Arabische Oase

Geht man von der Friedrichstrasse aus die Oranienburger Strasse entlang, gerät man nach ein paar hundert Metern auf der rechten Seite an eine schäbige Imbissbude namens „Die Arabische Oase“.


Ein anfangs etwas gruseliger, zunehmend freundlicher mutmasslicher Ägypter schnetzelt hier allerlei Gemüse vor sich hin und grillt seine Köfte hinter der Rückseite der Imbissbude auf einem kleinen Holzkohlegrill. Es gibt arabisches Zeug ebenso wie Currywurst, laut arabischen Zeichen sowohl koscher als auch halal (das ägyptische Zeug, nicht die Currywurst).

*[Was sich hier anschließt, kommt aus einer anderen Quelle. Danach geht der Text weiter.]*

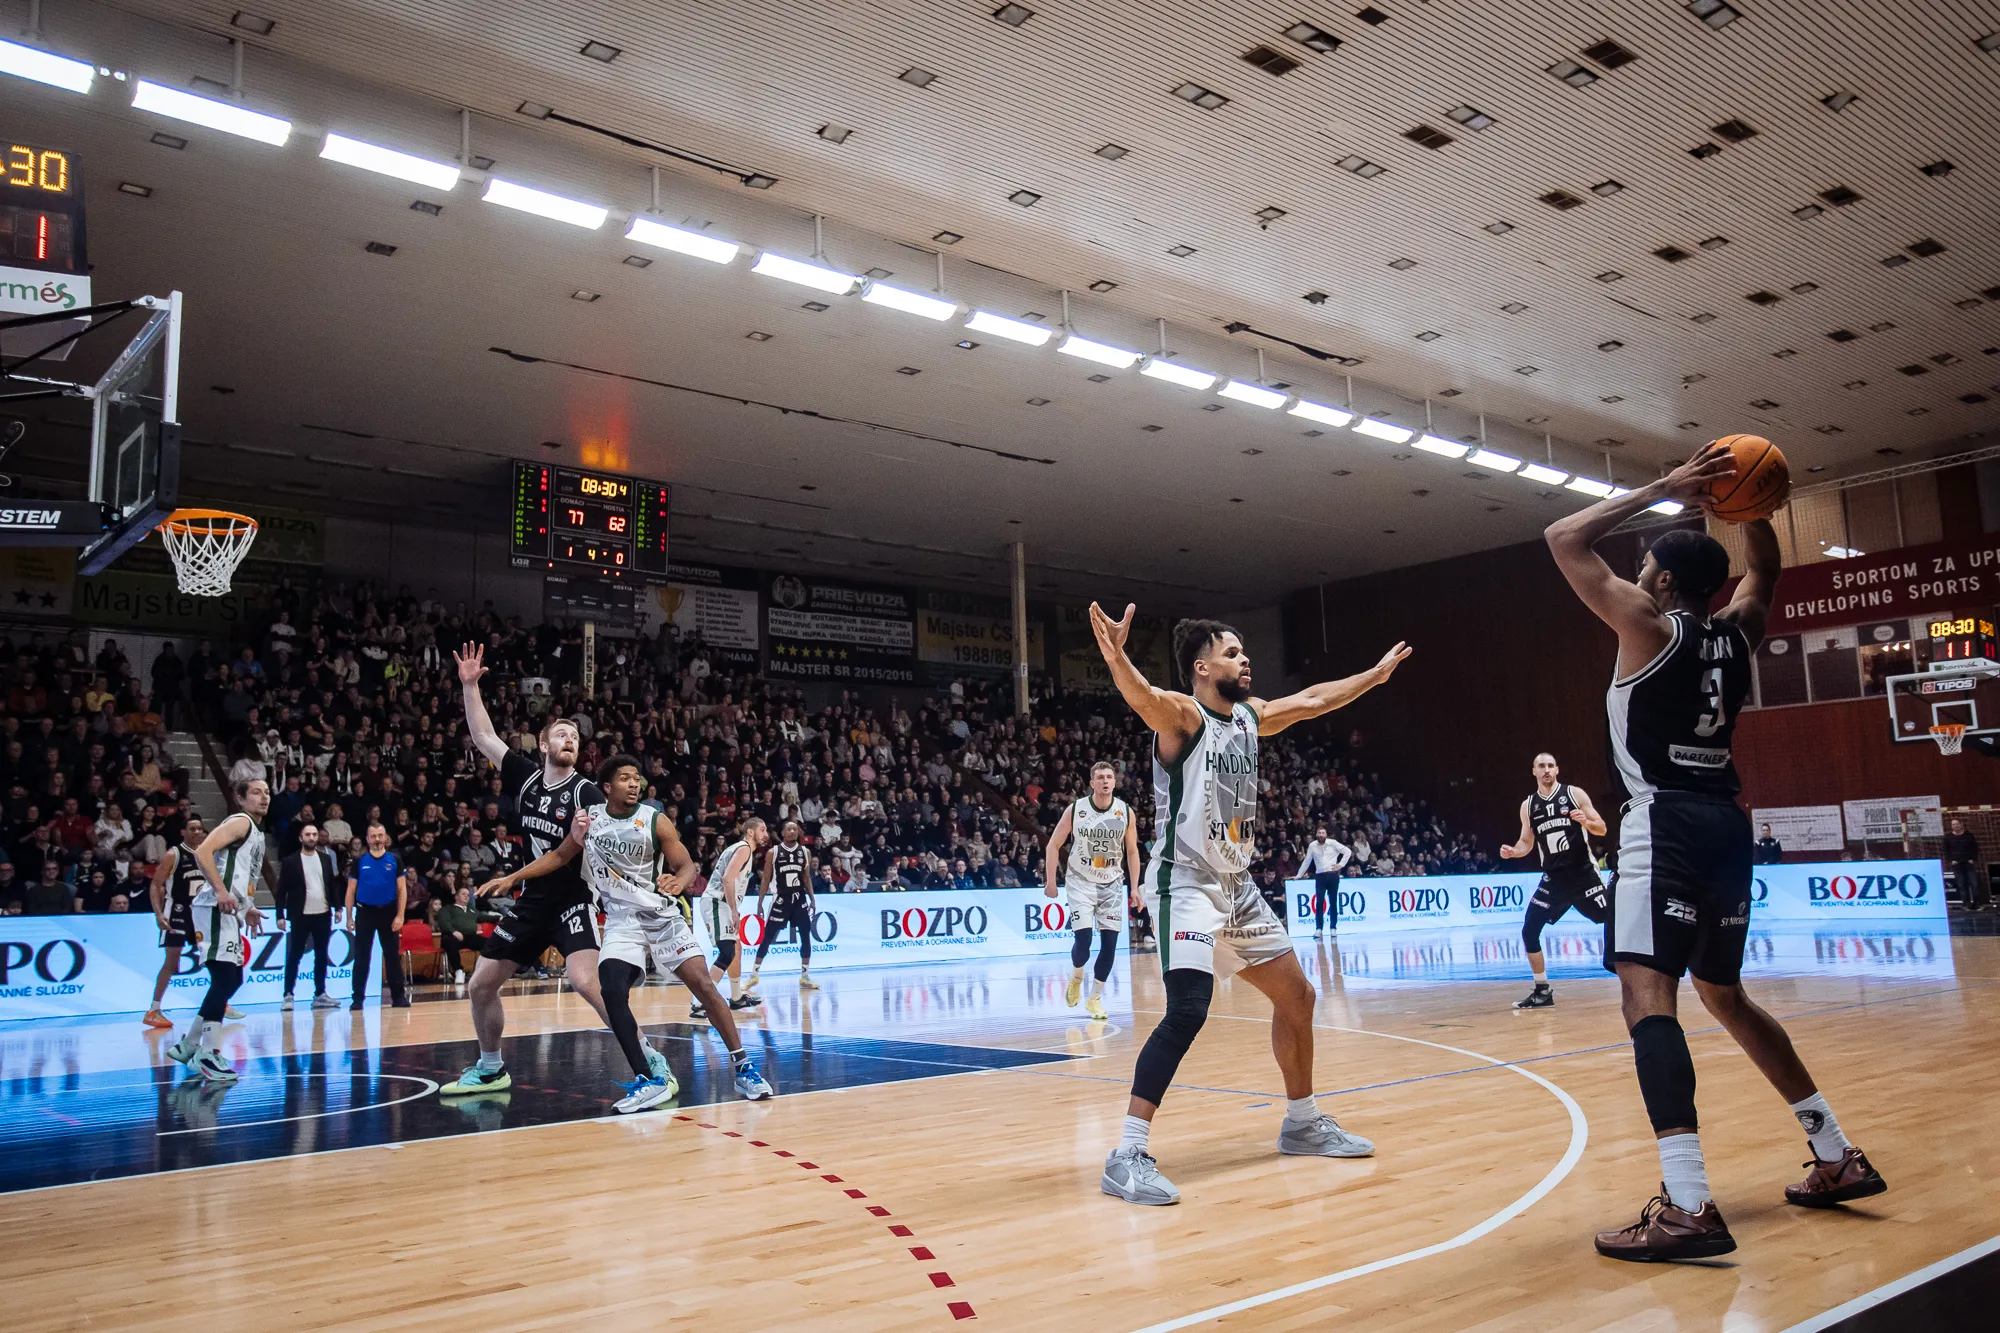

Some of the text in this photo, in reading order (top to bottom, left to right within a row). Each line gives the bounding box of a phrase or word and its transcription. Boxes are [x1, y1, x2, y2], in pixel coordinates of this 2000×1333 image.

Die mit grünem Filz abgeklebte, mit gerade noch orientalisch anmutenden Teppichen ausgelegte und mit ein paar trostlosen Wasserpfeifen dekorierte Imbisslandschaft lädt mit ihrem schrägen Charme dazu ein, sich hier stundenlang einen Tee nach dem anderen ins Gemüt zu leeren und dabei Zeitungen zu lesen.

Würde man mich fragen, was an Berlin besser ist als an München, dann würde ich sagen: dass solche Orte existieren dürfen.